The next step is to initialize the Interrupt Descriptor Table (IDT). This table is referenced by the processor when a software or hardware interrupt occurs. For example, to make a system call, user application issues the INT 0x80 instruction. This is a software interrupt, so the processor's hardware looks up a record with index 0x80 in the IDT. This record points to the routine that handles this interrupt, in this particular case, this will be the kernel's syscall gate. The IDT may have a maximum of 256 (0x100) records. The kernel allocates NIDT records for the IDT, where NIDT is the maximum (256):
sys/i386/i386/machdep.c: static struct gate_descriptor idt0[NIDT]; struct gate_descriptor *idt = &idt0[0]; /* interrupt descriptor table */
For each interrupt, an appropriate handler is set.
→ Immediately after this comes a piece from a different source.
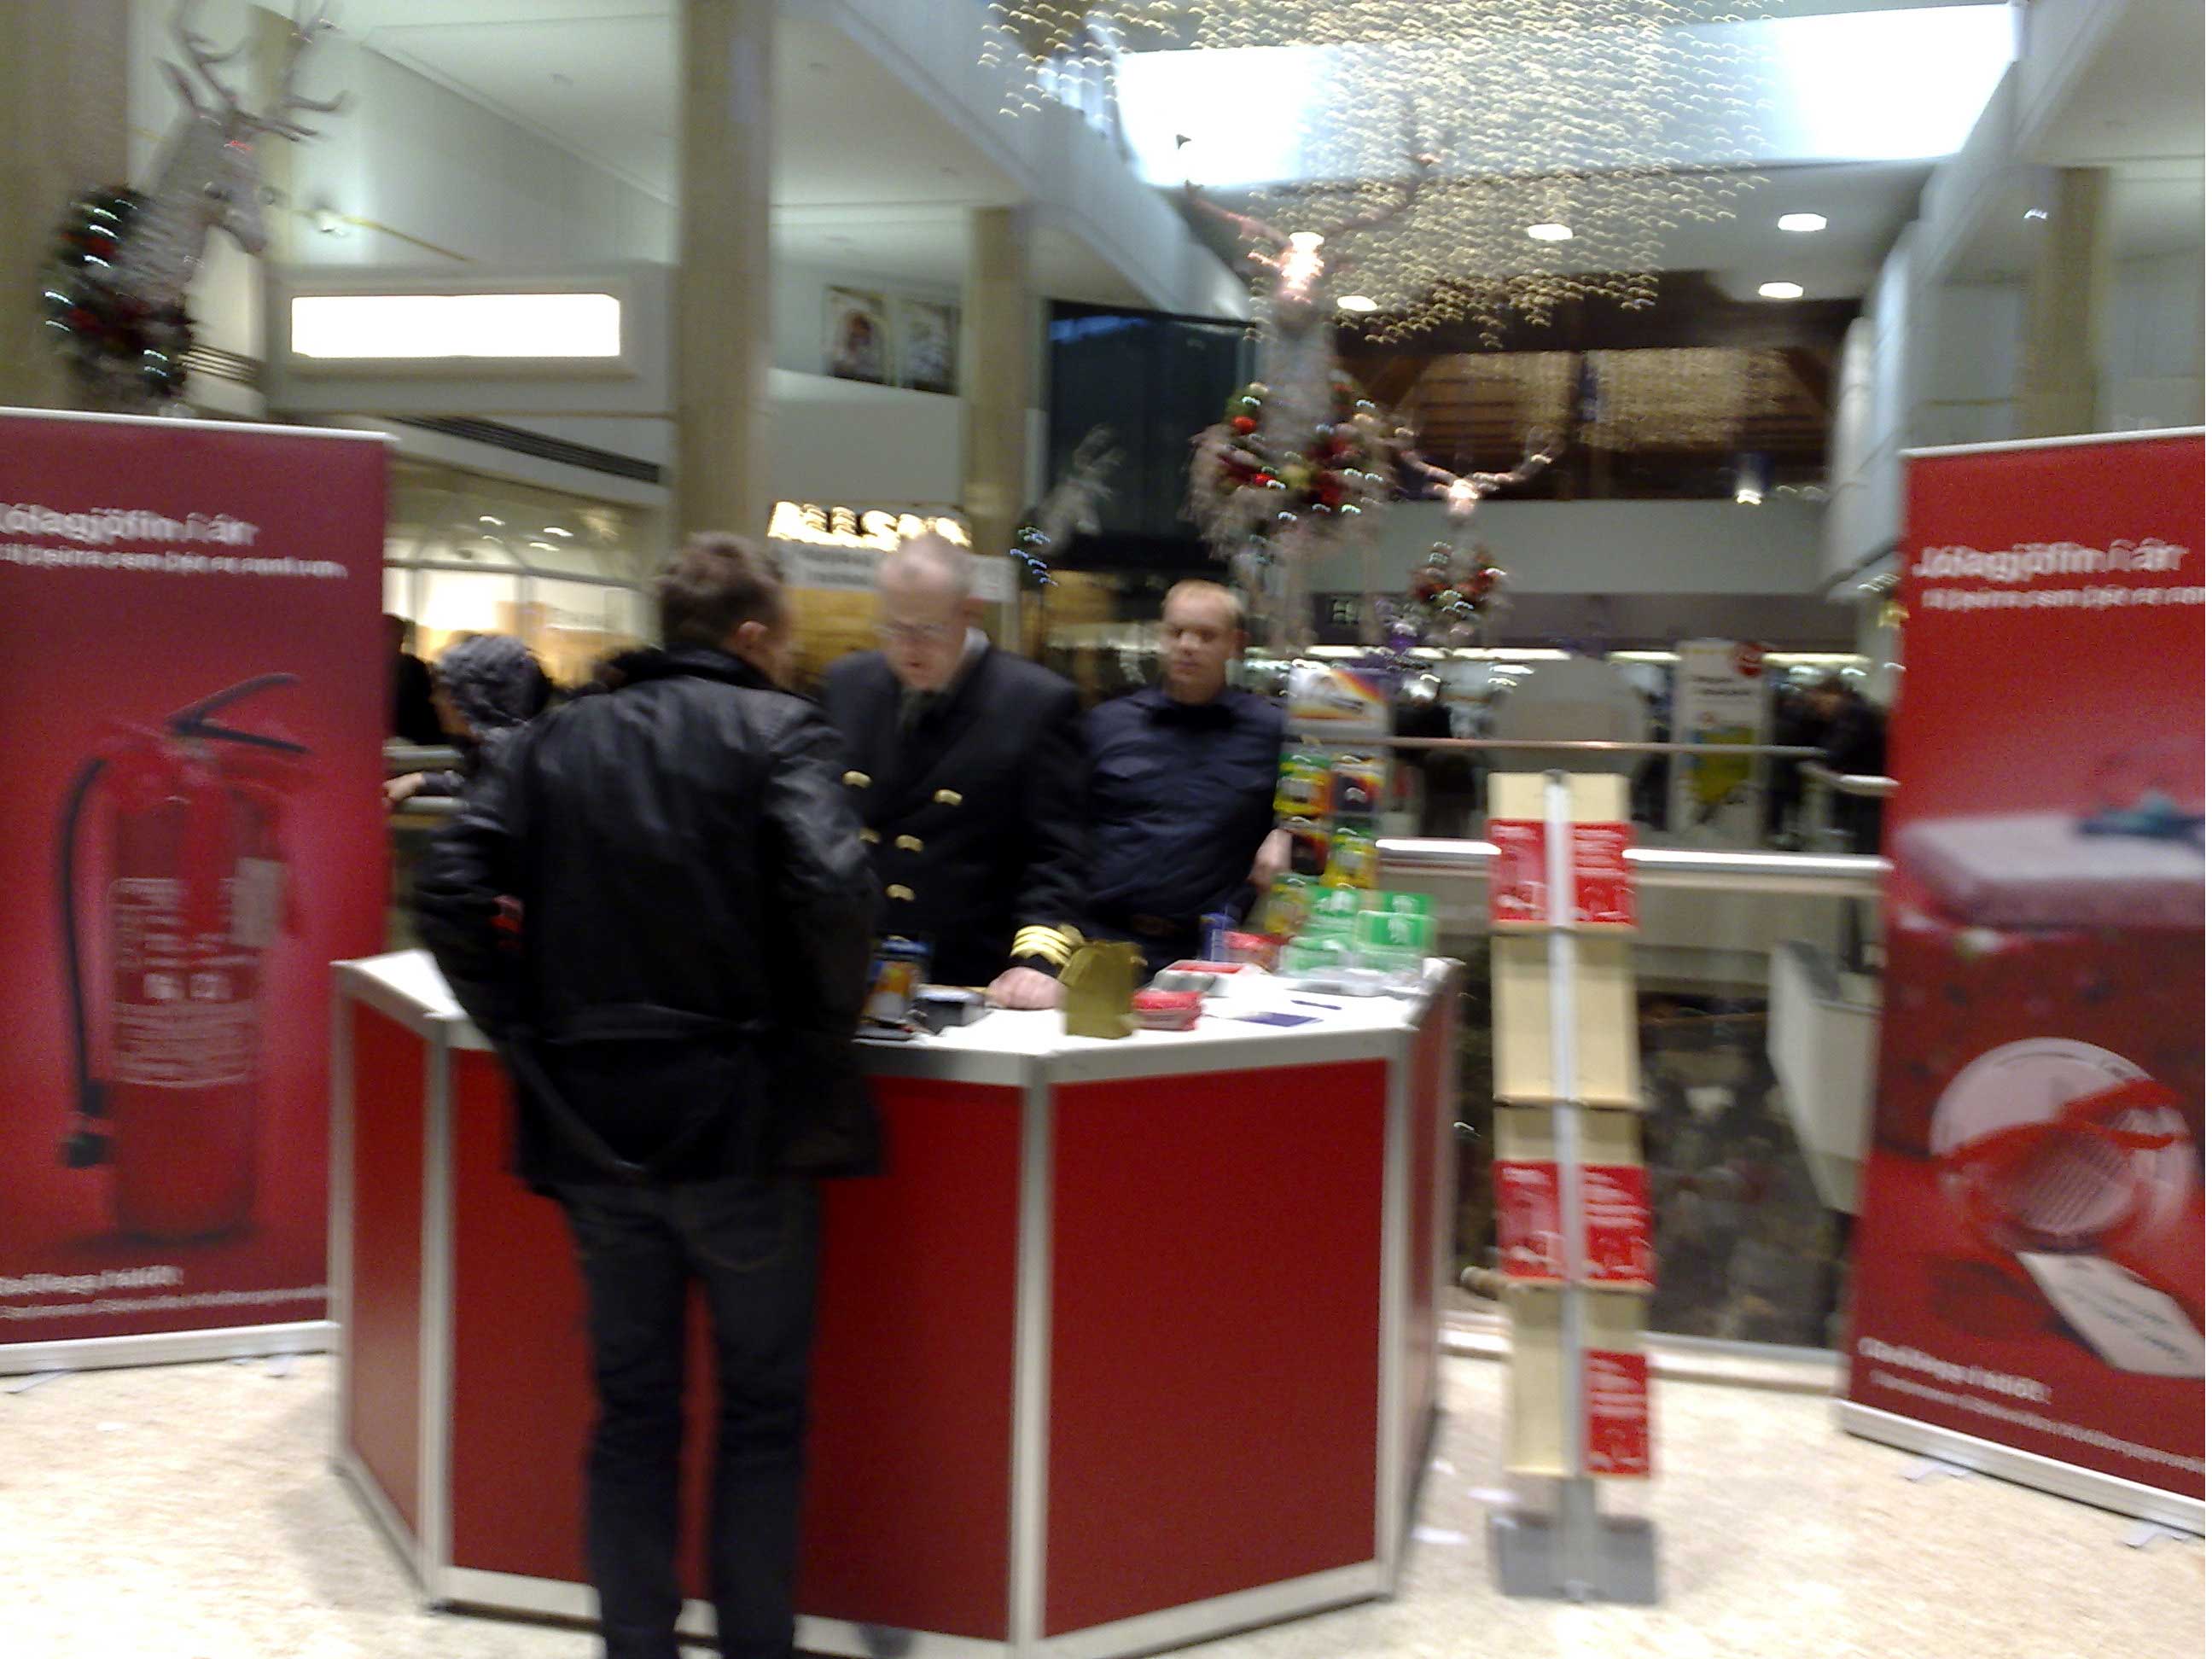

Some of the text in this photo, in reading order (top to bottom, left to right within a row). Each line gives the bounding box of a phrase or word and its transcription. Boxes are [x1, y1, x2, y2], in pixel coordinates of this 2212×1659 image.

[210, 513, 259, 545] ár
[1912, 541, 2105, 583] Jólagjöfin
[2133, 538, 2189, 573] ár
The syscall gate for INT 0x80 is set as well:
sys/i386/i386/machdep.c: setidt(0x80, &IDTVEC(int0x80_syscall), SDT_SYS386TGT, SEL_UPL, GSEL(GCODE_SEL, SEL_KPL));
So when a userland application issues the INT 0x80
instruction, control will transfer to the function _Xint0x80_syscall
, which is in the kernel code segment and
will be executed with supervisor privileges.
Console and DDB are then initialized:
sys/i386/i386/machdep.c: cninit(); /* skipped */ #ifdef DDB kdb_init(); if (boothowto & RB_KDB) Debugger("Boot flags requested debugger"); #endif
The Task State Segment is another x86 protected mode structure, the TSS is used by the hardware to store task information when a task switch occurs.
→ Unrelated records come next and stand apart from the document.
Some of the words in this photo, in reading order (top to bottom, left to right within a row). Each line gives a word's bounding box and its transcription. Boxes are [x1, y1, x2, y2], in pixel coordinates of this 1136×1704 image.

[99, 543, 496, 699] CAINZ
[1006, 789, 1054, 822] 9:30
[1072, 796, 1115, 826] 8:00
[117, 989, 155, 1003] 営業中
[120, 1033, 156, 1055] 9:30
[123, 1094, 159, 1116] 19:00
The Local Descriptors Table is used to reference userland code and data. Several selectors are defined to point to the LDT, they are the system call gates and the user code and data selectors:
/usr/include/machine/segments.h: #define LSYS5CALLS_SEL 0 /* forced by intel BCS */ #define LSYS5SIGR_SEL 1 #define L43BSDCALLS_SEL 2 /* notyet */ #define LUCODE_SEL 3 #define LSOL26CALLS_SEL 4 /* Solaris >= 2.6 system call gate */ #define LUDATA_SEL 5 /* separate stack, es,fs,gs sels ? */ /* #define LPOSIXCALLS_SEL 5*/ /* notyet */ #define LBSDICALLS_SEL 16 /* BSDI system call gate */ #define NLDT (LBSDICALLS_SEL + 1)
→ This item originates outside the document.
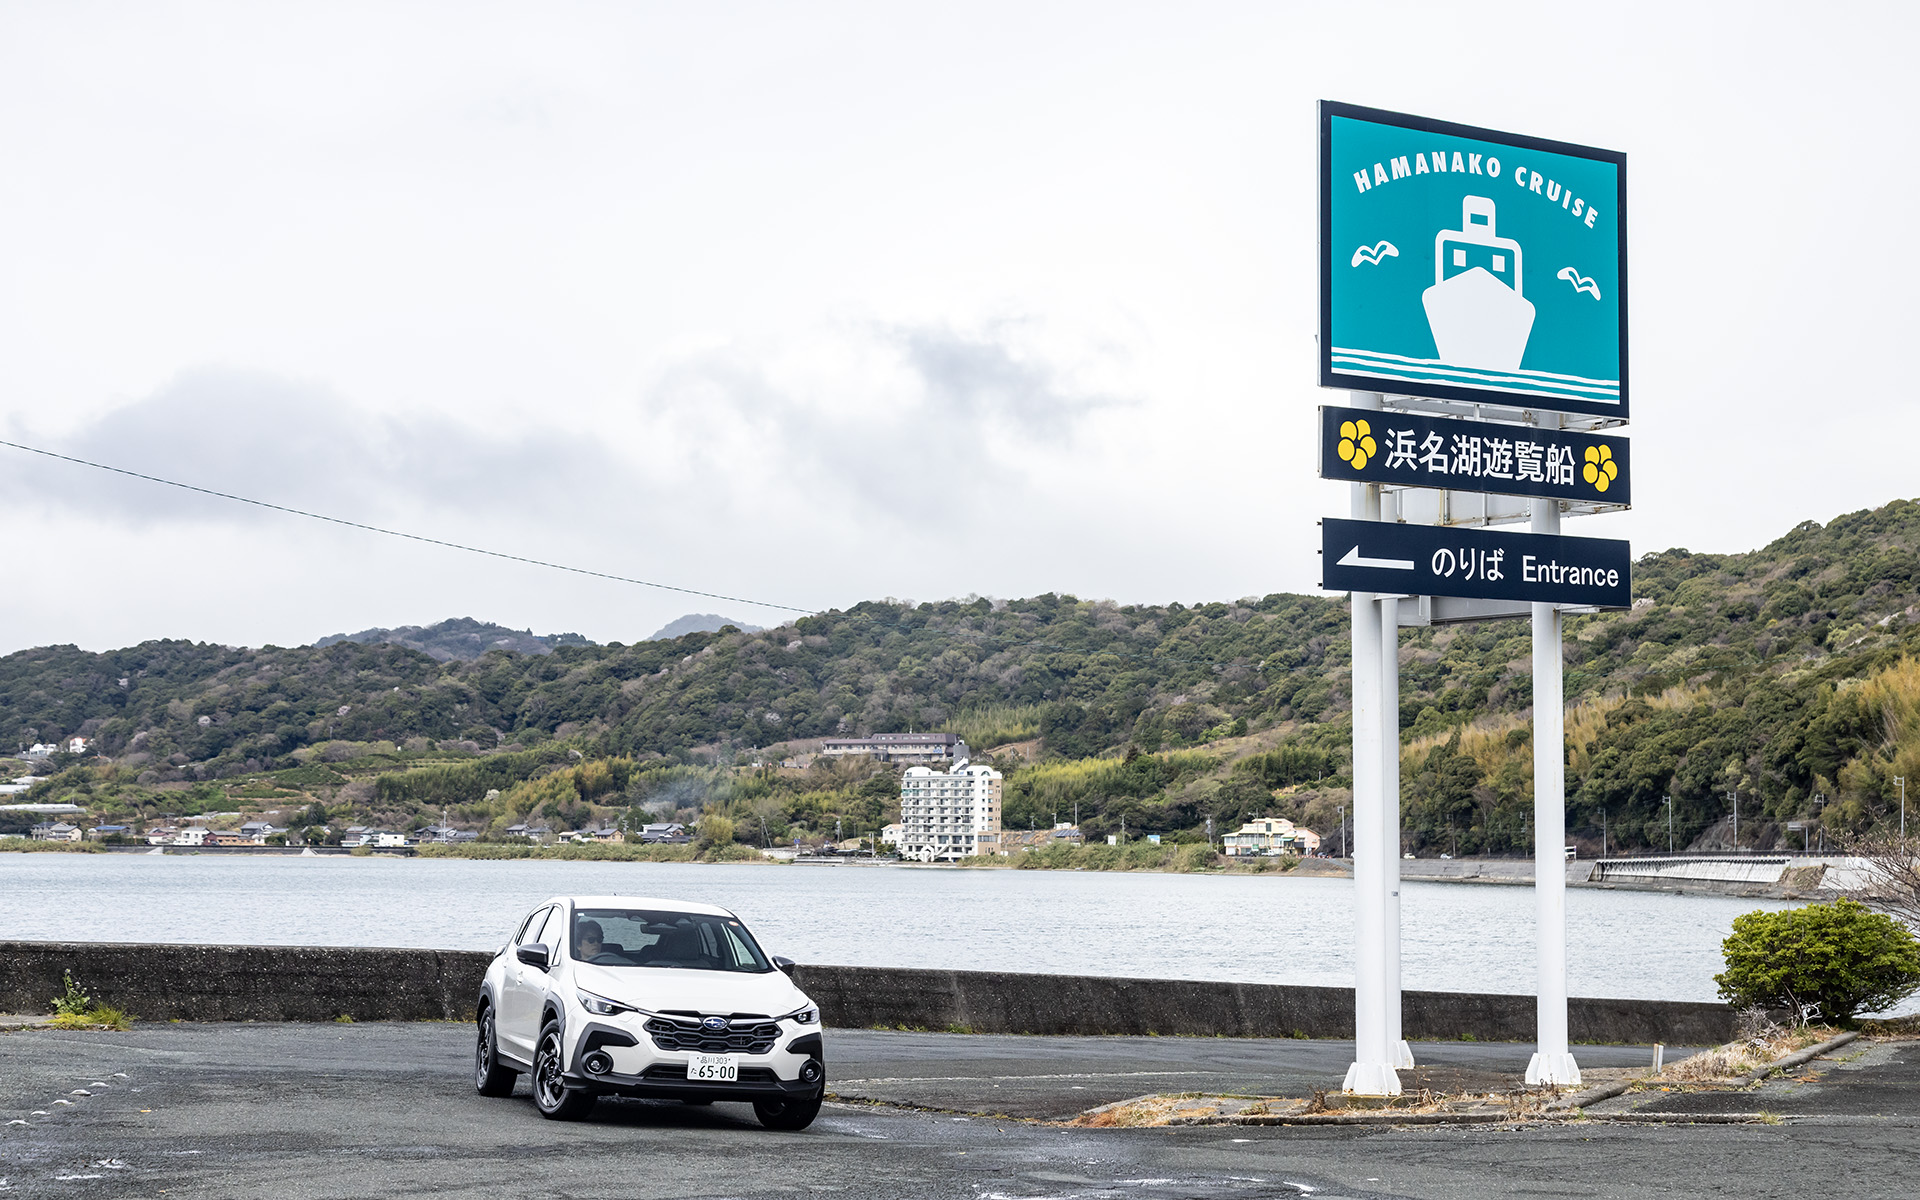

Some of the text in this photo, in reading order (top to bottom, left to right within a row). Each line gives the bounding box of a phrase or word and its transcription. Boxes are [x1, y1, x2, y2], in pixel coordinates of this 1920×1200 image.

[1353, 151, 1599, 229] HAMANAKO CRUISE
[1384, 428, 1576, 486] 浜名湖遊覧船
[1431, 547, 1619, 588] のりば Entrance
[698, 1065, 735, 1079] 65-00
Next, proc0's Process Control Block (struct pcb) structure is initialized. proc0 is a struct proc structure that describes a kernel process. It is always present while the kernel is running, therefore it is declared as global:
sys/kern/kern_init.c: struct proc proc0;
The structure struct pcb is a part of a proc structure. It is defined in /usr/include/machine/pcb.h and has a process's information specific to the i386 architecture, such as registers values.
mi_startup()
This function performs a bubble sort of all the system initialization objects and then calls the entry of each object one by one:
sys/kern/init_main.c: for (sipp = sysinit; *sipp; sipp++) { /* ... skipped ... */ /* Call function */ (*((*sipp)->func))((*sipp)->udata); /* ... skipped ... */ }
Although the sysinit framework is described in the Developers' Handbook, I will discuss the internals of it.
Every system initialization object (sysinit object) is created by calling a SYSINIT() macro. Let us take as example an announce sysinit object. This object prints the copyright message:
sys/kern/init_main.c: static void print_caddr_t(void *data __unused) { printf("%s", (char *)data); } SYSINIT(announce, SI_SUB_COPYRIGHT, SI_ORDER_FIRST, print_caddr_t, copyright)
The subsystem ID for this object is SI_SUB_COPYRIGHT (0x0800001), which comes right after the SI_SUB_CONSOLE (0x0800000). So, the copyright message will be printed out first, just after the console initialization.
Let us take a look at what exactly the macro SYSINIT() does. It expands to a C_SYSINIT() macro. The C_SYSINIT() macro then expands to a static struct sysinit structure declaration with another DATA_SET macro call:
/usr/include/sys/kernel.h: #define C_SYSINIT(uniquifier, subsystem, order, func, ident) \ static struct sysinit uniquifier ## _sys_init = { \ subsystem, \ order, \ func, \ ident \ }; \ DATA_SET(sysinit_set,uniquifier ## _sys_init); #define SYSINIT(uniquifier, subsystem, order, func, ident) \ C_SYSINIT(uniquifier, subsystem, order, \ (sysinit_cfunc_t)(sysinit_nfunc_t)func, (void *)ident)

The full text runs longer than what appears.